Let me break down why the ingredients are soopa doopa awesome:
Green Tea: Need I say more? We all know how extremely good this tea is for you when it comes to antioxidants. You may substitute the green tea for white tea if you wish, which is even better for you just make sure it's decaf.
Kale: Is considered to be the most nutritious vegetable in the world with extremely powerful antioxidant properties. Kale is very high in beta carotene, vitamin K, vitamin C, lutein, zeaxanthin and rich in clacium., it's also an anti-inflammatory. Inflammation in the body is the main cause for all diseases, remember that!
Ginger: Ginger not only aids in digestion, but it is a useful natural blood cleanser as well. It can improve your circulation and it causes your body to sweat (delicious), eliminating toxins in the process.

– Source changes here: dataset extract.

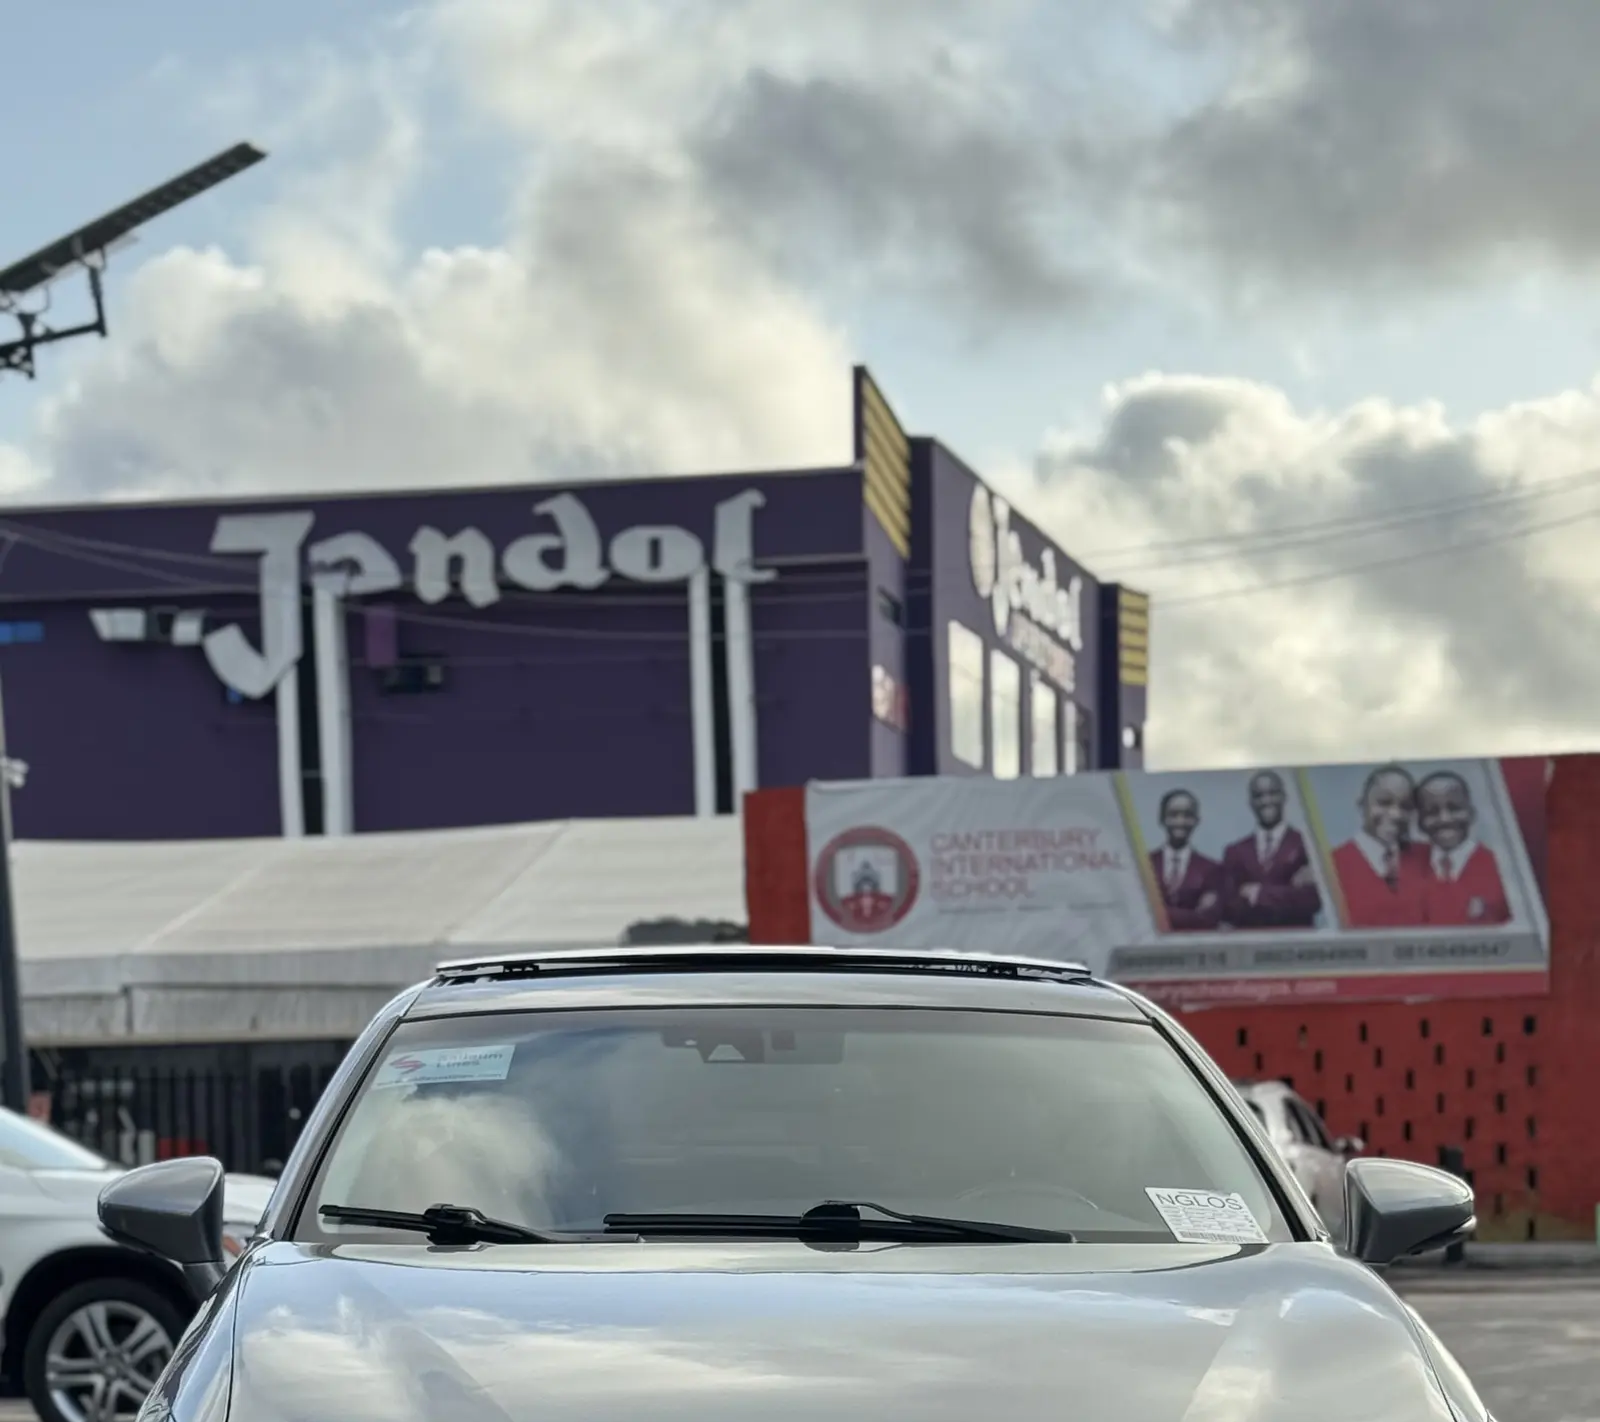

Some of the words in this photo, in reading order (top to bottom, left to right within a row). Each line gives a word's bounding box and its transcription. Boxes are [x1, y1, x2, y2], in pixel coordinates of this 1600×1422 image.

[930, 827, 1101, 855] CANTERBURY
[930, 850, 1126, 879] INTERNATIONAL
[930, 874, 1036, 901] SCHOOL
[1155, 1193, 1243, 1211] NGLOS

Cannellini Beans: Beans are always good for protein and fiber and are also very filling. Fiber is very important in expelling excess estrogens in the body, great for women with fibroids, breast cancer or endometriosis. Specifically cannellini beans help reduce cholestrol, help with headaches are low in fat AND give you energy!
So now that you know what's up with my ingredients, this is what Mama Mia (that's what I call myself in the kitchen, hey, leave me alone little things amuse me) has thrown together to make you healthy!

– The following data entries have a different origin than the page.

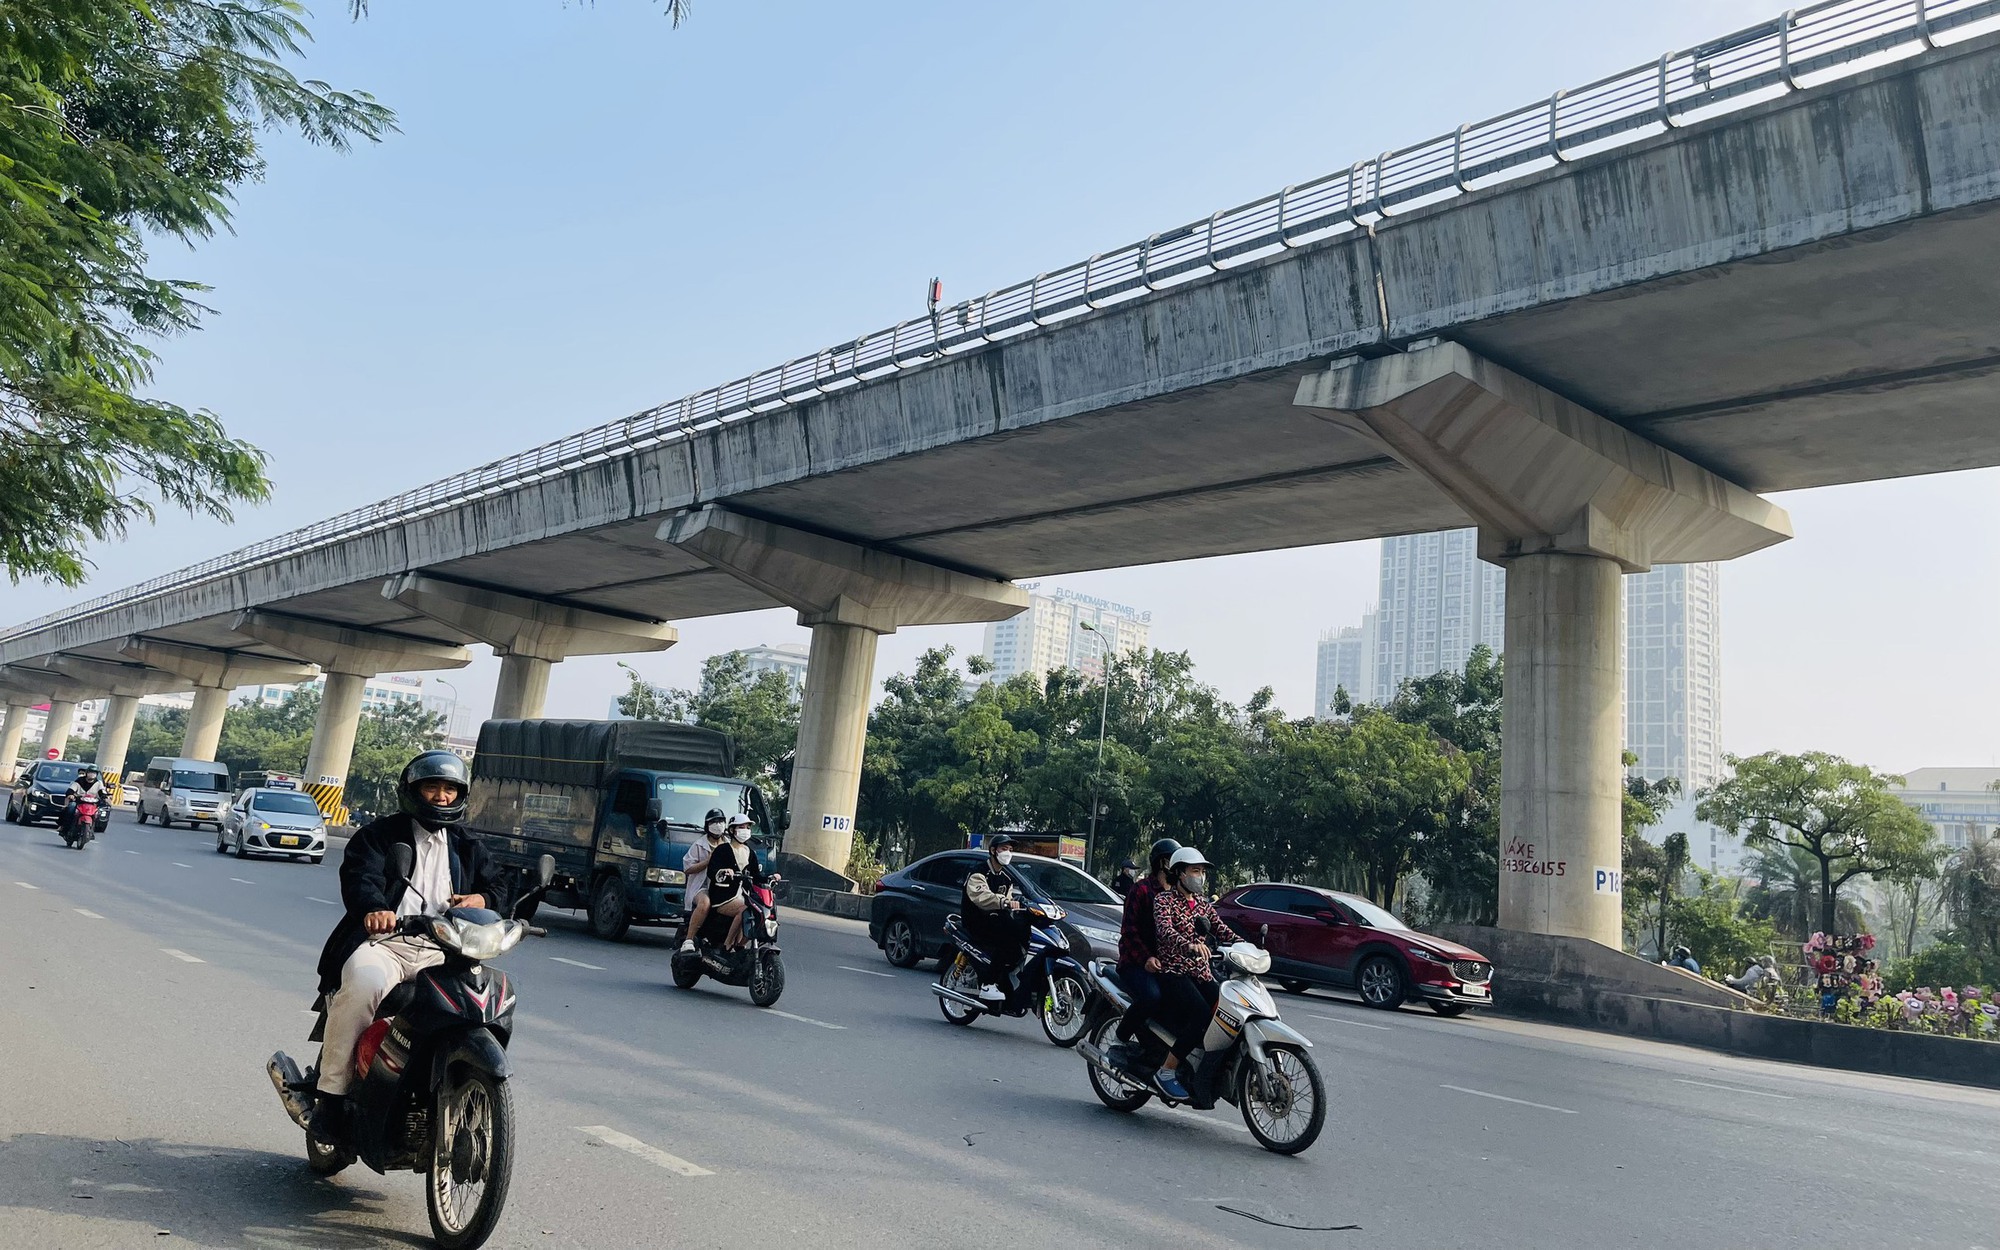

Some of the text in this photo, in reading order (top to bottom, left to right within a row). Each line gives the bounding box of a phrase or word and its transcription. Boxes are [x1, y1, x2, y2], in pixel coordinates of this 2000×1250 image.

[1056, 587, 1135, 616] FLC LANDMARK TOWER
[320, 775, 340, 785] P189
[822, 815, 850, 831] P187
[1596, 870, 1621, 893] P18
[1219, 1011, 1237, 1028] YAMAHA
[391, 1028, 411, 1050] YAMAHA

2 Bunches of Kale (washed) organic if you can
16 oz of Brewed green tea (naturally decaffeinated, follow instructions on the box how to make)
1/2" piece of ginger root sliced in super thin pieces (use a mandolin for best results)
32 oz. of Organic chicken stock (Swanson's brand comes in a 32oz. box container)
1 can of Cannellini beans drained and rinsed.
Garlic powder, Sea salt and pepper to taste.
After you rinse the kale remove the leaves from the "center vein" and chop them into small pieces.
Place the leaves into a large pot.
Pour the green tea in and then the chicken stock.
Toss in the beans
Add the ginger and the seasonings, bring to a boil and then turn down burner between low and medium (closer to low) for 20 minutes.
Serve and enjoy! Yum!! This soup will have a slightly spicy taste to it do to the ginger and is great if you have a cold or are feeling under the weather.
Best of all this is soooo super cheap to make. Just 98 cents per bunch of kale!! I know, I know genius right?